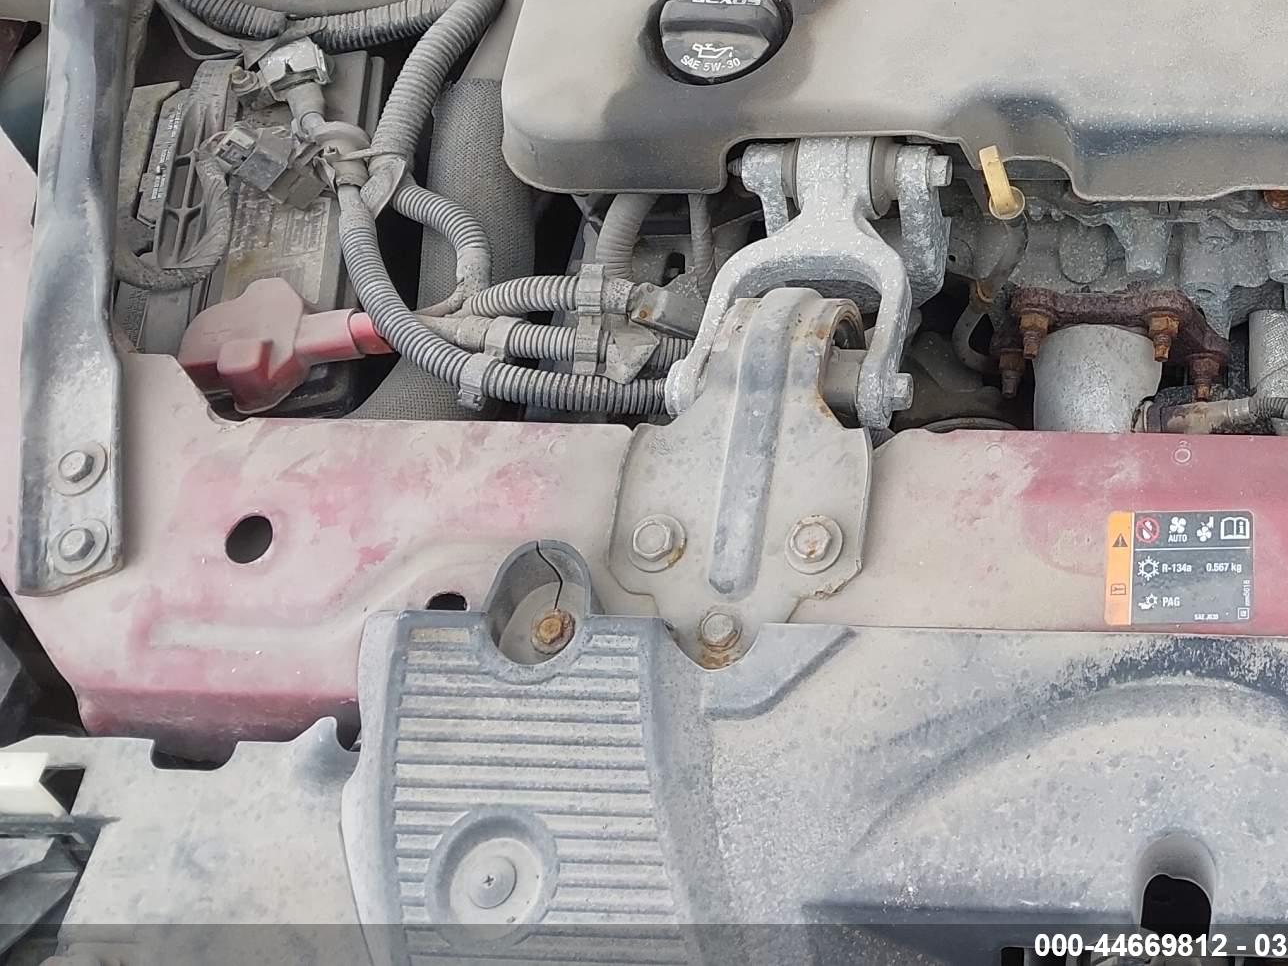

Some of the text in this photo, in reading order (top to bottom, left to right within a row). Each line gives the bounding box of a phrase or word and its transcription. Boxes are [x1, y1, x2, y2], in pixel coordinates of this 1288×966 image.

[680, 55, 741, 72] SAE 5W-30
[1168, 534, 1188, 543] AUTO
[1161, 563, 1193, 572] R-134a
[1231, 562, 1242, 573] kg
[1162, 596, 1181, 607] PAG

○ ○ ○

Work task:
Only the pictures are to be left out; write out all the other data exactly.

Solution to this task:
Some of the text in this photo, in reading order (top to bottom, left to right within a row). Each line gives the bounding box of a phrase or word and its transcription. Boxes are [x1, y1, x2, y2], in pixel coordinates of this 1288×966 image.

[680, 55, 741, 72] SAE 5W-30
[1168, 534, 1188, 543] AUTO
[1161, 563, 1193, 572] R-134a
[1231, 562, 1242, 573] kg
[1162, 596, 1181, 607] PAG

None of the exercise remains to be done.